Exercise description: Write out the entries exactly. None of the pictures should appear in the copy.

Text-to-region grounding data:
────────────────
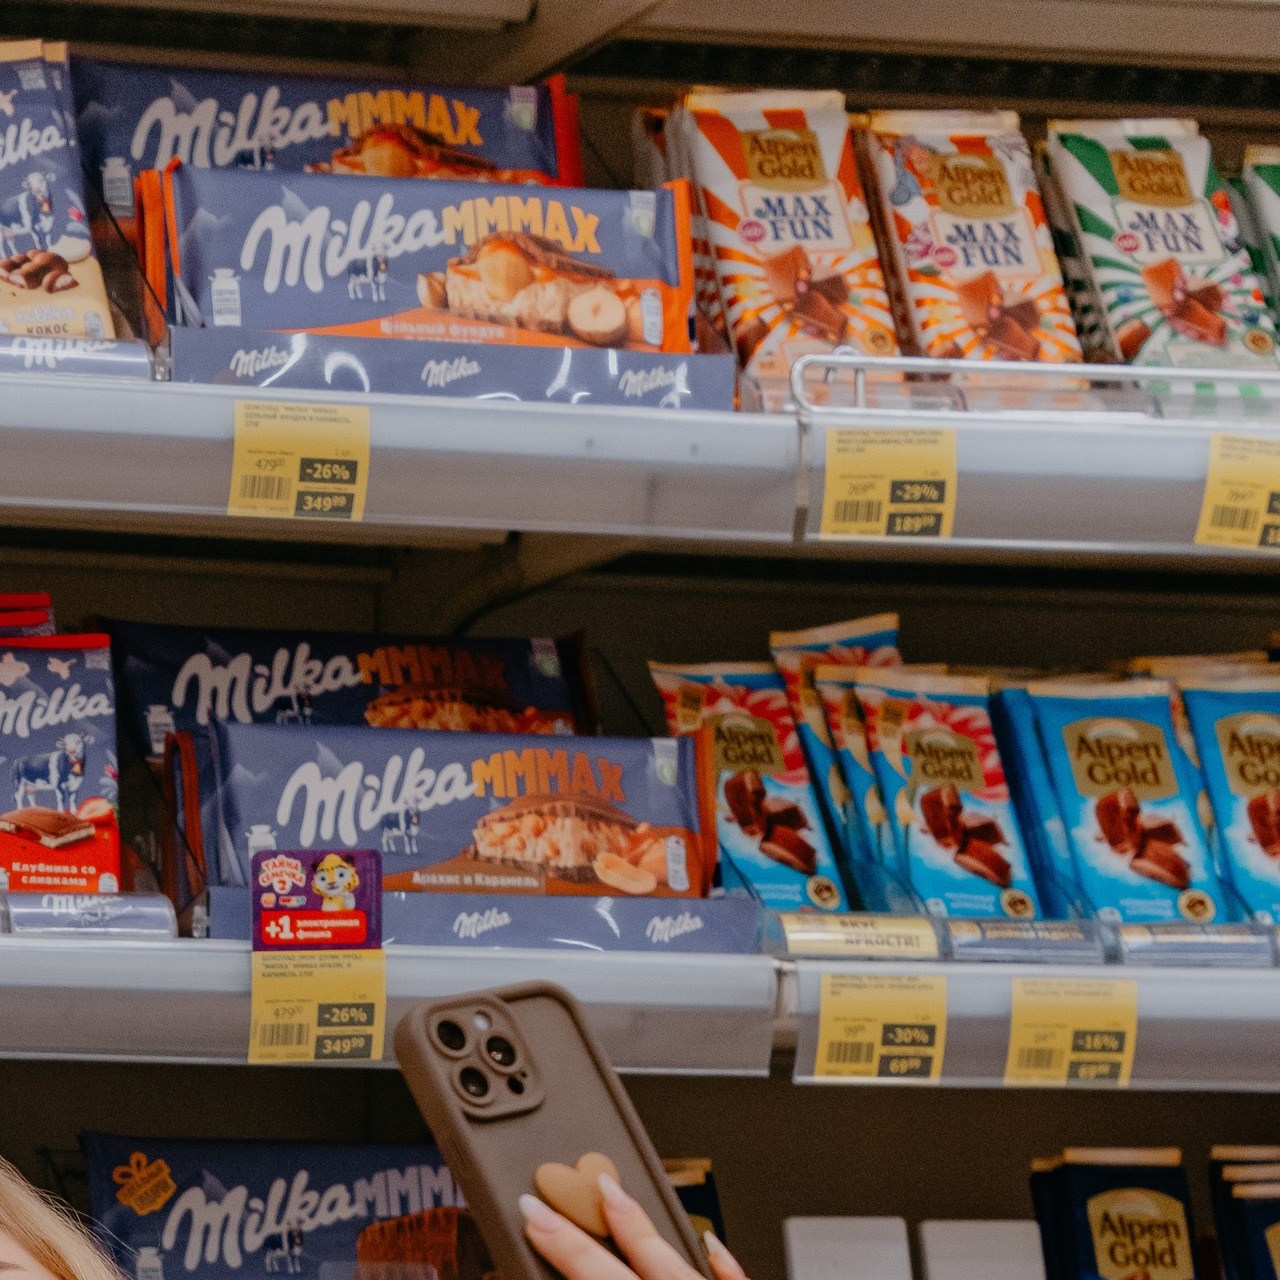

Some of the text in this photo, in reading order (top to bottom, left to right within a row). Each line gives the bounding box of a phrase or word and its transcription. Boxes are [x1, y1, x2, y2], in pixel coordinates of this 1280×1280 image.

[132, 86, 331, 164] Milka
[749, 133, 817, 160] Alpen
[758, 156, 816, 179] Gold
[754, 196, 832, 218] MAX
[770, 219, 834, 241] FUN
[947, 221, 1024, 245] MAX
[1129, 211, 1200, 232] MAX
[240, 194, 602, 294] Milka MMMAX
[1144, 232, 1205, 252] FUN
[962, 246, 1024, 267] FUN
[230, 346, 290, 378] Milka
[421, 357, 481, 387] Milka
[306, 463, 350, 480] -26%
[173, 643, 365, 724] Milka
[1076, 734, 1163, 763] Alpen
[1087, 760, 1160, 787] Gold
[277, 748, 625, 846] Milka MMMAX
[12, 861, 78, 874] Клубника
[21, 873, 88, 886] сливками
[277, 881, 288, 892] 2
[265, 915, 294, 940] +1
[453, 909, 512, 939] Milka
[646, 913, 704, 942] Milka
[323, 1006, 367, 1023] -26%
[163, 1170, 360, 1271] Milka
[1099, 1211, 1181, 1243] Alpen
[1109, 1239, 1177, 1269] Gold
────────────────
Answer space:
Some of the text in this photo, in reading order (top to bottom, left to right within a row). Each line gives the bounding box of a phrase or word and its transcription. Boxes are [x1, y1, x2, y2], in pixel coordinates of this 1280×1280 image.

[132, 86, 331, 164] Milka
[749, 133, 817, 160] Alpen
[758, 156, 816, 179] Gold
[754, 196, 832, 218] MAX
[770, 219, 834, 241] FUN
[947, 221, 1024, 245] MAX
[1129, 211, 1200, 232] MAX
[240, 194, 602, 294] Milka MMMAX
[1144, 232, 1205, 252] FUN
[962, 246, 1024, 267] FUN
[230, 346, 290, 378] Milka
[421, 357, 481, 387] Milka
[306, 463, 350, 480] -26%
[173, 643, 365, 724] Milka
[1076, 734, 1163, 763] Alpen
[1087, 760, 1160, 787] Gold
[277, 748, 625, 846] Milka MMMAX
[12, 861, 78, 874] Клубника
[21, 873, 88, 886] сливками
[277, 881, 288, 892] 2
[265, 915, 294, 940] +1
[453, 909, 512, 939] Milka
[646, 913, 704, 942] Milka
[323, 1006, 367, 1023] -26%
[163, 1170, 360, 1271] Milka
[1099, 1211, 1181, 1243] Alpen
[1109, 1239, 1177, 1269] Gold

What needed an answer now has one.